The Paradox of Time Management

With all the automation and productivity tools available to us, you would expect that we have a lot of spare time nowadays.

That’s obviously not the case for most of us. More and more people are struggling with time management today. How’s that possible?

The technology that brought us the automation and productivity tools also brought us a wider range of distractions. On top of that, new ways of filling our spare time became available to most of us.

We have more spare time than before, but we have even more videos, podcasts, events, and Tinder dates fighting for our time.

Obvious distractions such as social media and video gaming are easy to be labeled as time wasters. I already discussed several ways of eliminating them.

This post is about pursuits that seem to be beneficial on the surface but a waste of time, energy, money, and attention in reality. Time is only one of the resources that we have to manage in our lives.

An Example

When I first started training with weights, I followed the advice on YouTube and trained with the heaviest weights that I could lift for a certain amount of repetitions.

I had a good workout, but I had less energy for other activities during the rest of the day. My energy allocation wasn’t optimal, because having an athletic body wasn’t very high on my list of priorities.

The solution to this problem wasn’t to give up training altogether but to reduce the time and energy I invested in it. I decreased the number of days I went to the gym and the intensity of the workouts.

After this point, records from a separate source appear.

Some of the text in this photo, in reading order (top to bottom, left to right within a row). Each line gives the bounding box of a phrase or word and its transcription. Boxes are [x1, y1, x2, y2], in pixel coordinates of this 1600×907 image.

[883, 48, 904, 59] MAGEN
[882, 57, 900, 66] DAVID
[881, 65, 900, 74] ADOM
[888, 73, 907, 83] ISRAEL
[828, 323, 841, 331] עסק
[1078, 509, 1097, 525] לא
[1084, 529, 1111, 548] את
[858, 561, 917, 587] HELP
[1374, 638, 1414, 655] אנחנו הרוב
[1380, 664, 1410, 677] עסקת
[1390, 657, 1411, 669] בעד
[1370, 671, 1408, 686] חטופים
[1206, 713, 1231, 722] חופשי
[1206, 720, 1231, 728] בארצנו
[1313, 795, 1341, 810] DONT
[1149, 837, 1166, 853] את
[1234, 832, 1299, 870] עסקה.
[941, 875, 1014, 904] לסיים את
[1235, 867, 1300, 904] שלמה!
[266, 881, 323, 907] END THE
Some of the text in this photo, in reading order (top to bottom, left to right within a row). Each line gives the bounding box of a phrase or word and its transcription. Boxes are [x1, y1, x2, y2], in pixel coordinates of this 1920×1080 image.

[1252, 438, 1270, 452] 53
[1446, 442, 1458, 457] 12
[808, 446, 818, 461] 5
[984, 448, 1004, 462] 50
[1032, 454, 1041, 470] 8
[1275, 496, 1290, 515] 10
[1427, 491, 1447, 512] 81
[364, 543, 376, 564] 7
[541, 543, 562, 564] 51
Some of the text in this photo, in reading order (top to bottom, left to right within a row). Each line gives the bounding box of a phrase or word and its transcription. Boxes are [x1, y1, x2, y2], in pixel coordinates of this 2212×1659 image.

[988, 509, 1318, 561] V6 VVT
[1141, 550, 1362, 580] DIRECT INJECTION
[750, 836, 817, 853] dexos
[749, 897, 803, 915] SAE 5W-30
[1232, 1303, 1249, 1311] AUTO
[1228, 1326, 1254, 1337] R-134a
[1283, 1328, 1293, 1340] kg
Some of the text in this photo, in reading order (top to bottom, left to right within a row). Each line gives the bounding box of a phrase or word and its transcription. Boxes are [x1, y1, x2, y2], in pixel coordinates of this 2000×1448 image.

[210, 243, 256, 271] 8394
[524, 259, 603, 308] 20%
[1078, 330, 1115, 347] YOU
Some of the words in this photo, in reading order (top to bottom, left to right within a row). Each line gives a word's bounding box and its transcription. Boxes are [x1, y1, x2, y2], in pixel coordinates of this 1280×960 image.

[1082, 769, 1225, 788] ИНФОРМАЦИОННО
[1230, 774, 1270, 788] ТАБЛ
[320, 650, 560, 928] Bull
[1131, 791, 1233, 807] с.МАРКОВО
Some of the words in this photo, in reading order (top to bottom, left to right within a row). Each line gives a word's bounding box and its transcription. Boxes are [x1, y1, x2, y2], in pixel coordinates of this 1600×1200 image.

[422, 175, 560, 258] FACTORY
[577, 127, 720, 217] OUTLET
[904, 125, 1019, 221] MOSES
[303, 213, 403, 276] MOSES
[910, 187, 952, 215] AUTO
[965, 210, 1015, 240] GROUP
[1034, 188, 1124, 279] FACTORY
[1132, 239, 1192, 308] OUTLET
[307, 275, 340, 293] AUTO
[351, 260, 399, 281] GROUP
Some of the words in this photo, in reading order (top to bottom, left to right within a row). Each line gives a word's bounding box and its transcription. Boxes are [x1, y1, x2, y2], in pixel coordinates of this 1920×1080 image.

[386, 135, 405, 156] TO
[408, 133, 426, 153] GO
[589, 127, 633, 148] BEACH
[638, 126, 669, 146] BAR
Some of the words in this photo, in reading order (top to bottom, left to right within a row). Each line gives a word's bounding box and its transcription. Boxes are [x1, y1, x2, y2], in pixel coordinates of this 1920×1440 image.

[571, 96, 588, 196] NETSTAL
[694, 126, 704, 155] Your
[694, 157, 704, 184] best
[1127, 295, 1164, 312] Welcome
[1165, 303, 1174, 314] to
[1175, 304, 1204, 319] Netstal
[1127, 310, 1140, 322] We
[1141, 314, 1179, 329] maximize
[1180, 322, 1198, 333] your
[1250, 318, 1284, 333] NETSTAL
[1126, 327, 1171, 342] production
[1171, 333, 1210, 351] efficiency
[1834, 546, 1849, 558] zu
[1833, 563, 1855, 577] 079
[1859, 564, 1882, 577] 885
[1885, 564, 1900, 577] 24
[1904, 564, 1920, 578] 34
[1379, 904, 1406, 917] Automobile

Nowadays, I have a moderate workout in the gym three days a week, and I have more energy to invest in other endeavors during the rest of the day.

Resource Allocation Based on Your Priorities

Prioritizing your life doesn’t mean to invest all of your time, energy, finances, and attention to a single endeavor. It means that your resource allocation is in alignment with your priorities.

Robert S. Kaplan points out the connection between vision, priorities, and time management in his HBR article What to Ask the Person in the Mirror, also available in the book HBR’s 10 Must Reads on Managing Yourself.

You draft a vision for your future. Based on your vision, you come up with a list of priorities. Finally, you adjust your usage of your time according to the list of your priorities.

I’d rather call it vision, priorities, and resource allocation because there’s so much more to resource allocation than just time management.

Needless to say a list of priorities needs to be restricted. If you have a dozen priorities, you don’t have any priorities.

Success requires sacrifices because we have unlimited desires but limited resources.

Conclusion

Our desires are unlimited, and the marketplace offers us numerous opportunities to fulfill them. This is a challenge for our time management in particular and our resource allocation in general.

Obvious distractions are easier to detect, but there are other activities in our lives that seem to be beneficial on the surface but wasting our resources in reality.

The road to success starts with defining our vision of our future, determining our priorities, and then auditing and adjusting our resource allocation accordingly.

Burak Bilgin
Software developer with a Ph.D. and 15 years of experience. I write daily on personal development and life lessons. Sign up to my email newsletter to receive a weekly overview of my latest content on personal development and life lessons.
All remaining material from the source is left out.